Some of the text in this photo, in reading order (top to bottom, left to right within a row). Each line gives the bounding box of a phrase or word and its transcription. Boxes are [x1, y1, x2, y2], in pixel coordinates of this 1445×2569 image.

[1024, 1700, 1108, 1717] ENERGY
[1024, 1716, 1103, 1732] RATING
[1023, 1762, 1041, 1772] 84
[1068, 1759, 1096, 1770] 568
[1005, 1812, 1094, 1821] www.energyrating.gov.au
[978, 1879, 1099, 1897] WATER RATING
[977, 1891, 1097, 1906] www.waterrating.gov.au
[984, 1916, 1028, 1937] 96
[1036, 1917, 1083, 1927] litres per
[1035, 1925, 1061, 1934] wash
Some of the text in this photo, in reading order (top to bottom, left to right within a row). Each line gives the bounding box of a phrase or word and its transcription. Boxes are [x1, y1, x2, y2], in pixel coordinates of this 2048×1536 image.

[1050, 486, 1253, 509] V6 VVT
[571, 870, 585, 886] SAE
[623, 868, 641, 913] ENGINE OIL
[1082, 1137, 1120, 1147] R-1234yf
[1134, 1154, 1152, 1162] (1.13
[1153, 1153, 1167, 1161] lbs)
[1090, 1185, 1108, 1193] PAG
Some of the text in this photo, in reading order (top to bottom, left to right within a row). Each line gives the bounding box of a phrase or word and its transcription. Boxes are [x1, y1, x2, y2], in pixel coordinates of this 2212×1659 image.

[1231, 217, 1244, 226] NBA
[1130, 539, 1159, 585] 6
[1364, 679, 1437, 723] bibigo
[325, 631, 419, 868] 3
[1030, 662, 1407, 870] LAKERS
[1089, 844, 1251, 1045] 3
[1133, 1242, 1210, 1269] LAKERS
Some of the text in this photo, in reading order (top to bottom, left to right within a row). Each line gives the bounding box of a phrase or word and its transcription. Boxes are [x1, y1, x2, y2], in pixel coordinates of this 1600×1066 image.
+ + + +
Retype the lines above without alteration. The first is the one containing "this 2212×1659 image.", and the last is the final line of the data.

SOLUTION TO THIS PROBLEM –
Some of the text in this photo, in reading order (top to bottom, left to right within a row). Each line gives the bounding box of a phrase or word and its transcription. Boxes are [x1, y1, x2, y2], in pixel coordinates of this 2212×1659 image.

[1231, 217, 1244, 226] NBA
[1130, 539, 1159, 585] 6
[1364, 679, 1437, 723] bibigo
[325, 631, 419, 868] 3
[1030, 662, 1407, 870] LAKERS
[1089, 844, 1251, 1045] 3
[1133, 1242, 1210, 1269] LAKERS
Some of the text in this photo, in reading order (top to bottom, left to right within a row). Each line gives the bounding box of a phrase or word and its transcription. Boxes are [x1, y1, x2, y2], in pixel coordinates of this 1600×1066 image.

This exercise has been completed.